Pour traîter de cette thématique complexe, de manière compréhensible, sans renoncer à la complexité, A Seat for the Sea devient un oeuvre transmédia en plusieurs actes. Nous recherchons comment visible et invisible se tiennent en tension. Pour en parler, nous optons pour des formes qui dépassons de loin le documentaire. Nous intégrons une perspective systémique, et voyons que cette vague industrielle suit l''Algorithme de la Violence' qui caractérise toute colonisation. Nous déclarons la solidarité avec cet univers dialectique qui nous apprend et laisse perplexe. Nous découvrons le Temps Océan. Il est long et lent. Il ridiculise la nervosité des entrepreneurs pour qui chaque minute compte. Le Temps Océan vit avec la mort, les noyés de la Méditerrannée, les cadavres de plankton devenus neige marine, les cargos humains rendus esclaves et jetés dessus bord. Dans la performance installation Beyond the dirt, in 5 selfies nous rendons d'abord visible que l'industrie minimise l'impact de ses excavatrices. Elle se sert de simulations à cet effet et de captures de data des machines en pleine action qu'elle appelle des selfies.
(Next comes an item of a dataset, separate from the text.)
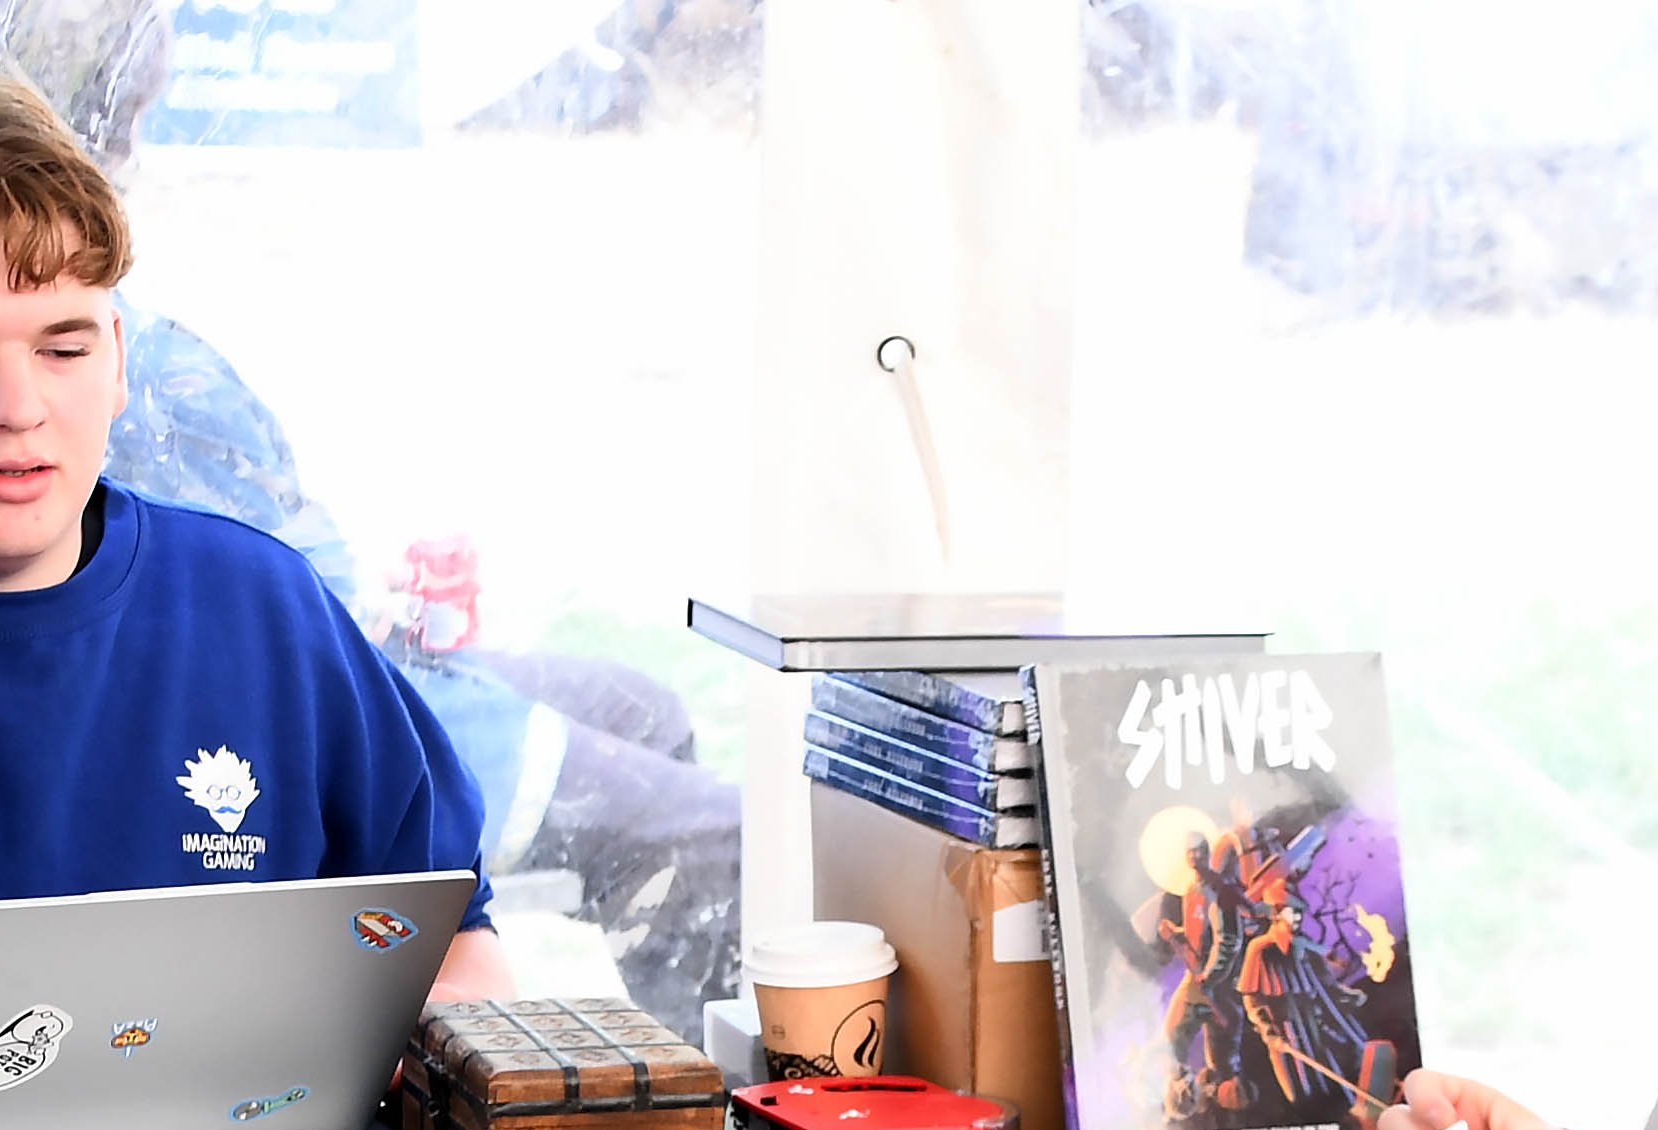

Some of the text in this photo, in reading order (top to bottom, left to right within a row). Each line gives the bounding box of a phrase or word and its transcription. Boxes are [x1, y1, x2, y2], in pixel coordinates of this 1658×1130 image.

Cet appareil séducteur n'a pourtant pas le champ libre. Nous troublons le regard complaisant du selfie par des expériences sensorielles. Nous ajoutons d'autres perspectives aussi- celle de la violence systémique (Slow Violence) qui soustend l'industrie extractive, celle des espèces des fonds marins. Puis une idée nous vient à l'esprit; elle demande: après les soulèvements de la terre, est-ce aux espèces des fonds marins d'organiser les soulèvements de la mer? Au final, les spectateurs tirent leurs conclusions, qui ne sont pas nécessairement les nôtres.

Tactiques

Avec ce travail, nous défions un acteur qui dispose de moyens réthoriques importants. Ca aide d'appliquer des tactiques dans de telles situations. Une intervention au bord d'un corps d'eau par exemple - Bring it Back - évoque l'exigence de l'océan de lui restituer tous les nodules déjà stockés de par le monde, comme des objets spoliés par le colonisateur. Un prototype spéculatif en céramique, autre exemple, met les essais scientifiques en perspectif, qui tentent de mesurer si l'abysse sera recolonisé après les passages des excavatrices et dans combien de temps. En août 2021, au coeur de Bruxelles, un cortège s'est dirigé vers le Marché aux Poissons pour la performance collective Brocean. Les marcheurs portaient une grande toile qui révélait un dessin technique - type blueprint - à peu près à l'échelle 1:1, d'un excavateur breveté par l'armurier Lockheed Martin. Il nous avait fallu trois semaines de travail collectif avec 25 collaborateurs pour dessiner la toile. Et maintenant, lorsqu'elle était mise sur l'eau de la fontaine, elle s'était dissoute mystérieusement en moins d'un clin d'oeil. La démarche semait sans doute la confusion, face aux doctrines technosolutionistes. De notre côté, nous avons laissons indéterminé si nous avions ramené le monstre marin à son environnement naturel, ou qu'il était consciemment noyé.

Au fond, nous ne savons peu des fonds marins. Et s'ils refusent de livrer leurs secrets? S'ils tiennent à préserver leur intégrité et se détournent des examens animés par on ne sait quel motif? Ils en ont souverainement le droit. C'est dans cette approche que s'inscrit A Seat for the Sea.